It was time for a lesson. There’s so much demagoguery in D.C. about Social Security that The Washington Post decided to spend a whole page answering questions about it. But, in the process, this company-town newspaper may have clarified a little too much. For instance, they write, “So policymakers will have to decide whether it is more important to worry about people alive 20 years from now or 50 years from now.” Is this any way to run a retirement program?
Workers are each paying 12.4 percent of their income either alone or with half coming from their employers and the best we can hope for is that some other generation gets screwed over instead of us? If we really must pit one generation against another, what kind of society will we descend into? The Post goes on to say, “Some believe future generations will be richer and more productive, and thus able to afford the bill.”

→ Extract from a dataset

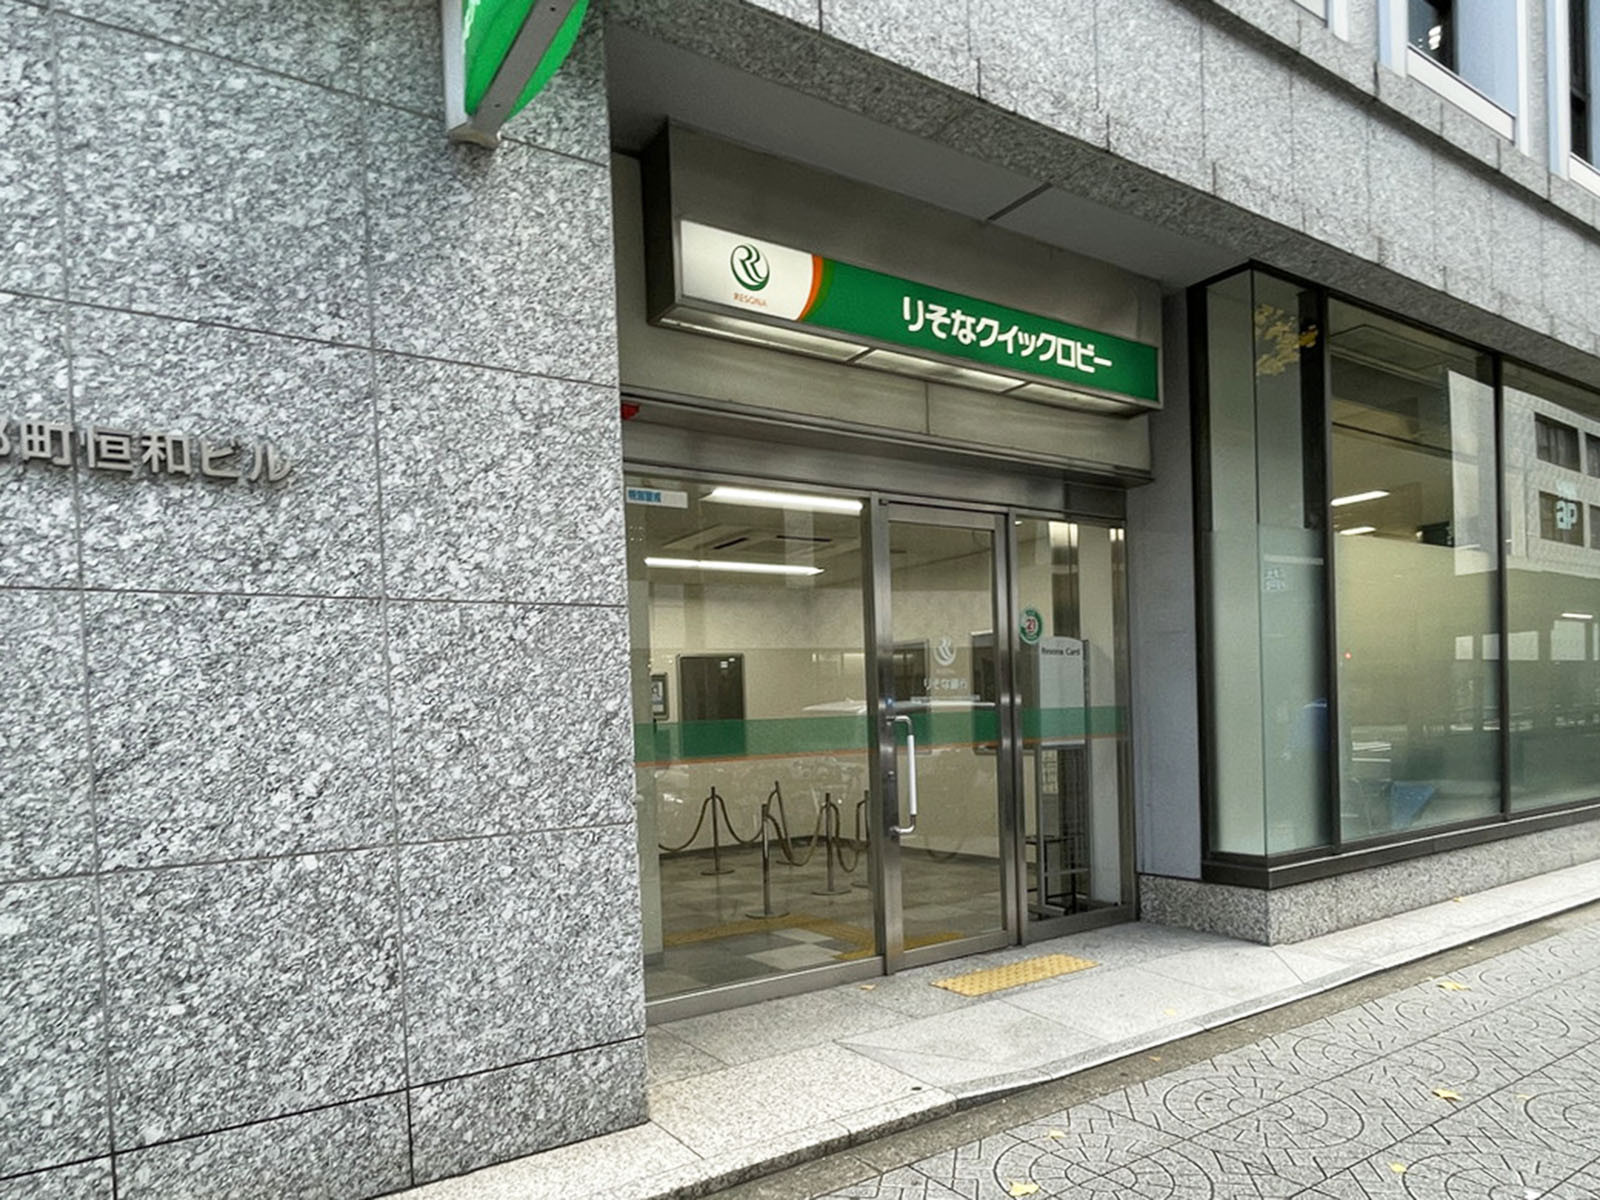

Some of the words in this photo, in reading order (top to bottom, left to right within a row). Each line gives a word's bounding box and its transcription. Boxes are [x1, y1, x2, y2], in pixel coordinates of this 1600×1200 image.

But leaving future generations the bill for our lives is morally bankrupt period. Still, the idea is pretty darn popular among politicians who live by the Keynesian motto: “In the long run, we’ll all be dead.” As long as the collapse happens on someone else’s watch, seems they couldn’t care less. We don’t need to give our grandkids the shaft. If workers could control their own accounts, politicians couldn’t steal the money to pay for more spending on their pet pork projects. We could provide for a better retirement and leave some of the earnings to our kids and grandkids, instead of sticking them with the bill.
This is Common Sense . I’m Paul Jacob.